══ Source material ══
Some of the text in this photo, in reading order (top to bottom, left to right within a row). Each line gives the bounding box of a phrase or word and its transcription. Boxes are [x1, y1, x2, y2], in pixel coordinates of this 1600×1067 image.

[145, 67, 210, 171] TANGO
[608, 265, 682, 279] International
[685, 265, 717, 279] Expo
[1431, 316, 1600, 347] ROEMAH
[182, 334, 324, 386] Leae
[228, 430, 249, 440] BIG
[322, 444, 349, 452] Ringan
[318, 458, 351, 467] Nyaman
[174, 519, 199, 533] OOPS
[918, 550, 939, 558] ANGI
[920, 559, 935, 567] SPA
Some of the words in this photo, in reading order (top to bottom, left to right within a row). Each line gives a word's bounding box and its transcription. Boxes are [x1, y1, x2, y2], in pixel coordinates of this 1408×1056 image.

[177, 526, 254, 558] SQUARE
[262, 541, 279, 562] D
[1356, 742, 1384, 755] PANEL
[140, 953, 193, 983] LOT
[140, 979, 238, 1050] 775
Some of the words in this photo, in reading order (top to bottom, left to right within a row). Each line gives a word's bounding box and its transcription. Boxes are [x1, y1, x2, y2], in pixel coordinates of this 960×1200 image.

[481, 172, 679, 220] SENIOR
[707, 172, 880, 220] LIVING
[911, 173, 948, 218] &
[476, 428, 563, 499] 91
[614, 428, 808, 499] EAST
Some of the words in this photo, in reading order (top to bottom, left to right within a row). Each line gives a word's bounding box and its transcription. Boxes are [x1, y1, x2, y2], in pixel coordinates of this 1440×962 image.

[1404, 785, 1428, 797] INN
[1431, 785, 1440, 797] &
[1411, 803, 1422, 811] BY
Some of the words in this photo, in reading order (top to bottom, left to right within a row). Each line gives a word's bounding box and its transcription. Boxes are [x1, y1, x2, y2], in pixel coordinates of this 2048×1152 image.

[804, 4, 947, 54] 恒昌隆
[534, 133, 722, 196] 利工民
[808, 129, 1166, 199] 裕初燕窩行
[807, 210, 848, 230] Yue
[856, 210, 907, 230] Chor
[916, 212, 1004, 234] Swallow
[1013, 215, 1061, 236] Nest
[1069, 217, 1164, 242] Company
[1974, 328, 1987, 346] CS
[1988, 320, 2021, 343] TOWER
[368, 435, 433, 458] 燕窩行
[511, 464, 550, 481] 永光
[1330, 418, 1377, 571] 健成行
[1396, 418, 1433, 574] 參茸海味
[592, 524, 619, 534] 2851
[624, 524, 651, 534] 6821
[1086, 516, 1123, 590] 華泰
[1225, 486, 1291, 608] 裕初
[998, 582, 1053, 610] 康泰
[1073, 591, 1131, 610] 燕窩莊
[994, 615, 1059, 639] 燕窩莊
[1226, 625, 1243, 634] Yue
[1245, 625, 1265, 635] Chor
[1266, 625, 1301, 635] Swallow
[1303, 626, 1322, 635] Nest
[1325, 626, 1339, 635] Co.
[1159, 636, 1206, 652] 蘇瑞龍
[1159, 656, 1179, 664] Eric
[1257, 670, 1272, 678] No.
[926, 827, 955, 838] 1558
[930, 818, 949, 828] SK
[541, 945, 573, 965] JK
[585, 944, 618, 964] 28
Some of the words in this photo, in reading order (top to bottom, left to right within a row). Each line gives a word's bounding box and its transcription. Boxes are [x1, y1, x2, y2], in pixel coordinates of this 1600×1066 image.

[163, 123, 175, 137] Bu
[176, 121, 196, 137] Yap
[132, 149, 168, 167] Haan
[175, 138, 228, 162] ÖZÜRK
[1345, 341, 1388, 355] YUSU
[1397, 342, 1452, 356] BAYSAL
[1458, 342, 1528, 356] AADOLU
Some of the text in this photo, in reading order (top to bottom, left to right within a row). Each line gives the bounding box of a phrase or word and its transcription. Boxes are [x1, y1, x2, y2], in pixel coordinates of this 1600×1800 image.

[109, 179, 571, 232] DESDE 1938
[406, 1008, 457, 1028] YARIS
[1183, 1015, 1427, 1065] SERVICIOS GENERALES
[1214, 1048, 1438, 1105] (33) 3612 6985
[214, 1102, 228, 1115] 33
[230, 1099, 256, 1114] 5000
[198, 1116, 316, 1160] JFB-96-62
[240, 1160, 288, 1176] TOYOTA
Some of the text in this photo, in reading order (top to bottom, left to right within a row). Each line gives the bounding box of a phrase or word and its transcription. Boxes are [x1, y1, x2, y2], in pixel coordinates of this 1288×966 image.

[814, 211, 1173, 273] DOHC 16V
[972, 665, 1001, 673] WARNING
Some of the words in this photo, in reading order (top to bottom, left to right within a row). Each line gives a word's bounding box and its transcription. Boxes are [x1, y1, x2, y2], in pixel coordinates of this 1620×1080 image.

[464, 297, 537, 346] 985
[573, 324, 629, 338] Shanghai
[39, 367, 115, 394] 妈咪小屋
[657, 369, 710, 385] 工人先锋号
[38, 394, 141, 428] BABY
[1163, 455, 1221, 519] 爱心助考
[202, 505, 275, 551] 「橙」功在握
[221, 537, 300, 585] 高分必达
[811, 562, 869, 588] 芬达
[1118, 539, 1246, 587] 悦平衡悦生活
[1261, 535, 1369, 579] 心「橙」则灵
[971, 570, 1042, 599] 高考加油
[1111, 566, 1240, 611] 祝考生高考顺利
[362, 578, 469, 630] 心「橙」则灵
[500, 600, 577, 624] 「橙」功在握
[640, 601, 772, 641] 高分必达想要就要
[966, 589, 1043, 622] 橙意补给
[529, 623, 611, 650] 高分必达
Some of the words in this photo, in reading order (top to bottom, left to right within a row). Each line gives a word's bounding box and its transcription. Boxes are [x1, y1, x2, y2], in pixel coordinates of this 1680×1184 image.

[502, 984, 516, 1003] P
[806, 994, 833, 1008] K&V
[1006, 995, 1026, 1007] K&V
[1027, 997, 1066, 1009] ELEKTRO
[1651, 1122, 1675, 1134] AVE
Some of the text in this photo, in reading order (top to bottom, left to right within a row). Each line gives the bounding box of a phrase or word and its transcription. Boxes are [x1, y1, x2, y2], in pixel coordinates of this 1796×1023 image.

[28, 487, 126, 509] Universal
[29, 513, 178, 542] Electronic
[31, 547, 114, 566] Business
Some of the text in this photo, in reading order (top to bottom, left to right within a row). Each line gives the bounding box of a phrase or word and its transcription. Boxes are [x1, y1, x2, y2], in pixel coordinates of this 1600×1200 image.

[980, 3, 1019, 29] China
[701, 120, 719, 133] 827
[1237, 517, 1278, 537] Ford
═══
● **What the exercise asks**: Copy the whole listing once more, exactly.

● **Solution to this problem**:
Some of the text in this photo, in reading order (top to bottom, left to right within a row). Each line gives the bounding box of a phrase or word and its transcription. Boxes are [x1, y1, x2, y2], in pixel coordinates of this 1600×1067 image.

[145, 67, 210, 171] TANGO
[608, 265, 682, 279] International
[685, 265, 717, 279] Expo
[1431, 316, 1600, 347] ROEMAH
[182, 334, 324, 386] Leae
[228, 430, 249, 440] BIG
[322, 444, 349, 452] Ringan
[318, 458, 351, 467] Nyaman
[174, 519, 199, 533] OOPS
[918, 550, 939, 558] ANGI
[920, 559, 935, 567] SPA
Some of the words in this photo, in reading order (top to bottom, left to right within a row). Each line gives a word's bounding box and its transcription. Boxes are [x1, y1, x2, y2], in pixel coordinates of this 1408×1056 image.

[177, 526, 254, 558] SQUARE
[262, 541, 279, 562] D
[1356, 742, 1384, 755] PANEL
[140, 953, 193, 983] LOT
[140, 979, 238, 1050] 775
Some of the words in this photo, in reading order (top to bottom, left to right within a row). Each line gives a word's bounding box and its transcription. Boxes are [x1, y1, x2, y2], in pixel coordinates of this 960×1200 image.

[481, 172, 679, 220] SENIOR
[707, 172, 880, 220] LIVING
[911, 173, 948, 218] &
[476, 428, 563, 499] 91
[614, 428, 808, 499] EAST
Some of the words in this photo, in reading order (top to bottom, left to right within a row). Each line gives a word's bounding box and its transcription. Boxes are [x1, y1, x2, y2], in pixel coordinates of this 1440×962 image.

[1404, 785, 1428, 797] INN
[1431, 785, 1440, 797] &
[1411, 803, 1422, 811] BY
Some of the words in this photo, in reading order (top to bottom, left to right within a row). Each line gives a word's bounding box and its transcription. Boxes are [x1, y1, x2, y2], in pixel coordinates of this 2048×1152 image.

[804, 4, 947, 54] 恒昌隆
[534, 133, 722, 196] 利工民
[808, 129, 1166, 199] 裕初燕窩行
[807, 210, 848, 230] Yue
[856, 210, 907, 230] Chor
[916, 212, 1004, 234] Swallow
[1013, 215, 1061, 236] Nest
[1069, 217, 1164, 242] Company
[1974, 328, 1987, 346] CS
[1988, 320, 2021, 343] TOWER
[368, 435, 433, 458] 燕窩行
[511, 464, 550, 481] 永光
[1330, 418, 1377, 571] 健成行
[1396, 418, 1433, 574] 參茸海味
[592, 524, 619, 534] 2851
[624, 524, 651, 534] 6821
[1086, 516, 1123, 590] 華泰
[1225, 486, 1291, 608] 裕初
[998, 582, 1053, 610] 康泰
[1073, 591, 1131, 610] 燕窩莊
[994, 615, 1059, 639] 燕窩莊
[1226, 625, 1243, 634] Yue
[1245, 625, 1265, 635] Chor
[1266, 625, 1301, 635] Swallow
[1303, 626, 1322, 635] Nest
[1325, 626, 1339, 635] Co.
[1159, 636, 1206, 652] 蘇瑞龍
[1159, 656, 1179, 664] Eric
[1257, 670, 1272, 678] No.
[926, 827, 955, 838] 1558
[930, 818, 949, 828] SK
[541, 945, 573, 965] JK
[585, 944, 618, 964] 28
Some of the words in this photo, in reading order (top to bottom, left to right within a row). Each line gives a word's bounding box and its transcription. Boxes are [x1, y1, x2, y2], in pixel coordinates of this 1600×1066 image.

[163, 123, 175, 137] Bu
[176, 121, 196, 137] Yap
[132, 149, 168, 167] Haan
[175, 138, 228, 162] ÖZÜRK
[1345, 341, 1388, 355] YUSU
[1397, 342, 1452, 356] BAYSAL
[1458, 342, 1528, 356] AADOLU
Some of the text in this photo, in reading order (top to bottom, left to right within a row). Each line gives the bounding box of a phrase or word and its transcription. Boxes are [x1, y1, x2, y2], in pixel coordinates of this 1600×1800 image.

[109, 179, 571, 232] DESDE 1938
[406, 1008, 457, 1028] YARIS
[1183, 1015, 1427, 1065] SERVICIOS GENERALES
[1214, 1048, 1438, 1105] (33) 3612 6985
[214, 1102, 228, 1115] 33
[230, 1099, 256, 1114] 5000
[198, 1116, 316, 1160] JFB-96-62
[240, 1160, 288, 1176] TOYOTA
Some of the text in this photo, in reading order (top to bottom, left to right within a row). Each line gives the bounding box of a phrase or word and its transcription. Boxes are [x1, y1, x2, y2], in pixel coordinates of this 1288×966 image.

[814, 211, 1173, 273] DOHC 16V
[972, 665, 1001, 673] WARNING
Some of the words in this photo, in reading order (top to bottom, left to right within a row). Each line gives a word's bounding box and its transcription. Boxes are [x1, y1, x2, y2], in pixel coordinates of this 1620×1080 image.

[464, 297, 537, 346] 985
[573, 324, 629, 338] Shanghai
[39, 367, 115, 394] 妈咪小屋
[657, 369, 710, 385] 工人先锋号
[38, 394, 141, 428] BABY
[1163, 455, 1221, 519] 爱心助考
[202, 505, 275, 551] 「橙」功在握
[221, 537, 300, 585] 高分必达
[811, 562, 869, 588] 芬达
[1118, 539, 1246, 587] 悦平衡悦生活
[1261, 535, 1369, 579] 心「橙」则灵
[971, 570, 1042, 599] 高考加油
[1111, 566, 1240, 611] 祝考生高考顺利
[362, 578, 469, 630] 心「橙」则灵
[500, 600, 577, 624] 「橙」功在握
[640, 601, 772, 641] 高分必达想要就要
[966, 589, 1043, 622] 橙意补给
[529, 623, 611, 650] 高分必达
Some of the words in this photo, in reading order (top to bottom, left to right within a row). Each line gives a word's bounding box and its transcription. Boxes are [x1, y1, x2, y2], in pixel coordinates of this 1680×1184 image.

[502, 984, 516, 1003] P
[806, 994, 833, 1008] K&V
[1006, 995, 1026, 1007] K&V
[1027, 997, 1066, 1009] ELEKTRO
[1651, 1122, 1675, 1134] AVE
Some of the text in this photo, in reading order (top to bottom, left to right within a row). Each line gives the bounding box of a phrase or word and its transcription. Boxes are [x1, y1, x2, y2], in pixel coordinates of this 1796×1023 image.

[28, 487, 126, 509] Universal
[29, 513, 178, 542] Electronic
[31, 547, 114, 566] Business
Some of the text in this photo, in reading order (top to bottom, left to right within a row). Each line gives the bounding box of a phrase or word and its transcription. Boxes are [x1, y1, x2, y2], in pixel coordinates of this 1600×1200 image.

[980, 3, 1019, 29] China
[701, 120, 719, 133] 827
[1237, 517, 1278, 537] Ford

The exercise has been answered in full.